Exercise brief:
Would you return the lines between the one holding "this 960×1200 image." and the one holding "this 723×1600 image.", inclusive, and only those, exactly as they stand in the listing below?

Material for this task:
####
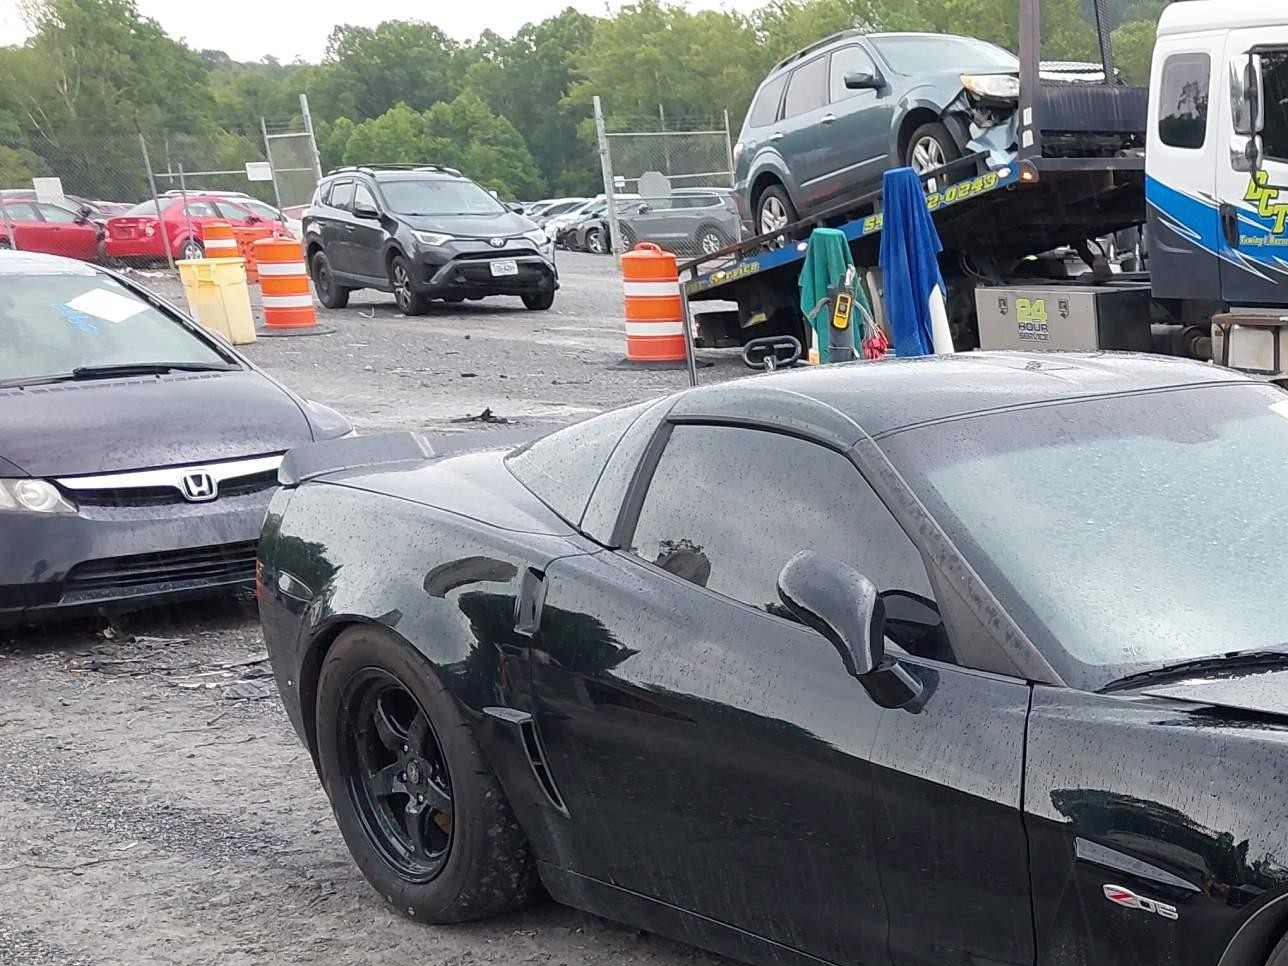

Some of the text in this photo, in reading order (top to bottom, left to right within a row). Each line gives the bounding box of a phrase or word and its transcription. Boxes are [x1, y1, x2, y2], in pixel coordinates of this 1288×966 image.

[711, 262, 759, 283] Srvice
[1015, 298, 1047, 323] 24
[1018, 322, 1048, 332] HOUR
####
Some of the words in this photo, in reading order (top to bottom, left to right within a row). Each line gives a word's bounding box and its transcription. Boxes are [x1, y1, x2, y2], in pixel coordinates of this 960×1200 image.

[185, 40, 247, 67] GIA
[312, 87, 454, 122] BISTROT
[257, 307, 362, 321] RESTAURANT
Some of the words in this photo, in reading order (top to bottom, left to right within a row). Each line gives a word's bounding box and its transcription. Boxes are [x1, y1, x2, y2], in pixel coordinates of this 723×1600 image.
####
Result:
Some of the words in this photo, in reading order (top to bottom, left to right within a row). Each line gives a word's bounding box and its transcription. Boxes are [x1, y1, x2, y2], in pixel coordinates of this 960×1200 image.

[185, 40, 247, 67] GIA
[312, 87, 454, 122] BISTROT
[257, 307, 362, 321] RESTAURANT
Some of the words in this photo, in reading order (top to bottom, left to right within a row). Each line gives a word's bounding box and its transcription. Boxes are [x1, y1, x2, y2], in pixel coordinates of this 723×1600 image.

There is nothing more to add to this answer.